Department of Justice Cyber Incident Preparedness Checklist
Before a Cyber Attack or Intrusion
- Identify mission critical data and assets (i.e., your “Crown Jewels”) and institute tiered security measures to appropriately protect those assets.
- Review and adopt risk management practices found in guidance such as the National Institute of Standards and Technology Cybersecurity Framework.
- Create an actionable incident response plan.
- Test plan with exercises
- Keep plan up-to-date to reflect changes in personnel and structure
- Have the technology in place (or ensure that it is easily obtainable) that will be used to address an incident.
- Have procedures in place that will permit lawful network monitoring.
- Have legal counsel that is familiar with legal issues associated with cyber incidents.
- Align other policies (e.g., human resources and personnel policies) with your incident response plan.
- Develop proactive relationships with relevant law enforcement agencies, outside counsel, public relations firms, and investigative and cybersecurity firms that you may require in the event of an incident.
During a Cyber Attack or Intrusion
- Make an initial assessment of the scope and nature of the incident, particularly whether it is a malicious act or a technological glitch.
- Minimize continuing damage consistent with your cyber incident response plan.

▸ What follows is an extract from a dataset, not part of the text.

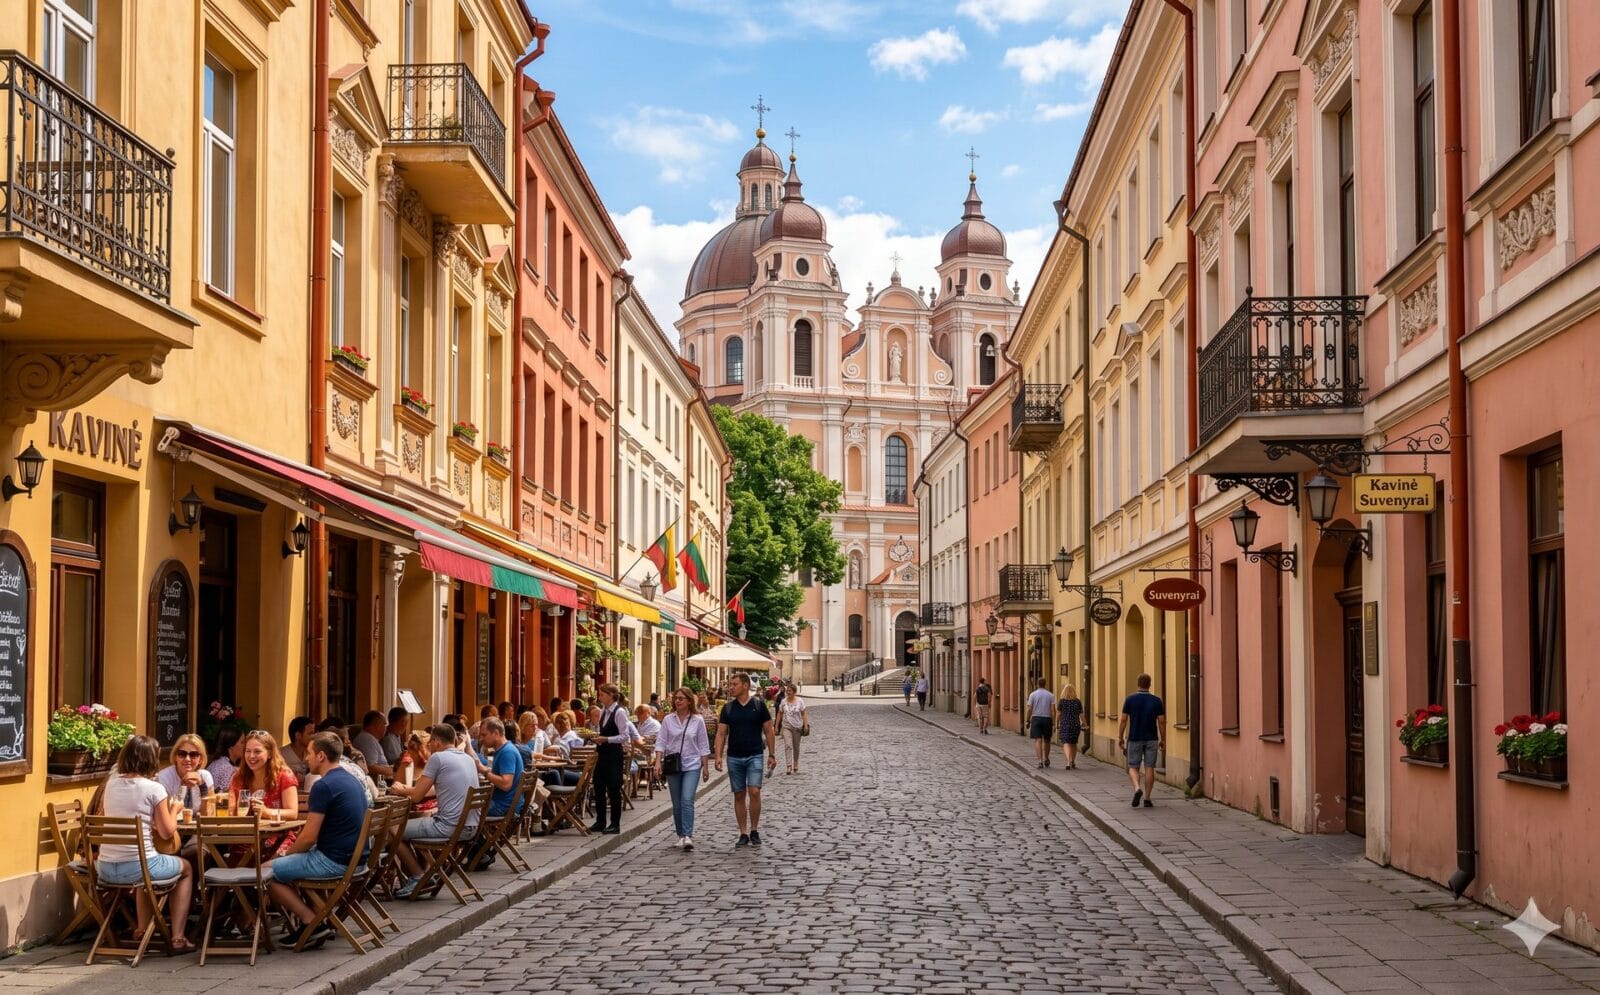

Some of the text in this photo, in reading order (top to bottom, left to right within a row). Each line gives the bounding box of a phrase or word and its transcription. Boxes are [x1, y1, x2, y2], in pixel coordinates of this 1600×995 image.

[49, 410, 142, 469] KAVINĖ
[1370, 478, 1418, 491] Kavinė
[1360, 493, 1429, 509] Suvenyrai
[1149, 590, 1200, 602] Suvenyrai

- Collect and preserve data related to the incident.
- “Image” the network
- Keep all logs, notes, and other records
- Keep records of ongoing attacks
- Consistent with your incident response plan, notify—
- Appropriate management and personnel within the victim organization should
- Law enforcement
- Other possible victims
- Department of Homeland Security
- Do not—
- Use compromised systems to communicate.
- “Hack back” or intrude upon another network.
After Recovering from a Cyber Attack or Intrusion
- Continue monitoring the network for any anomalous activity to make sure the intruder has been expelled and you have regained control of your network.
- Conduct a post-incident review to identify deficiencies in planning and execution of your incident response plan.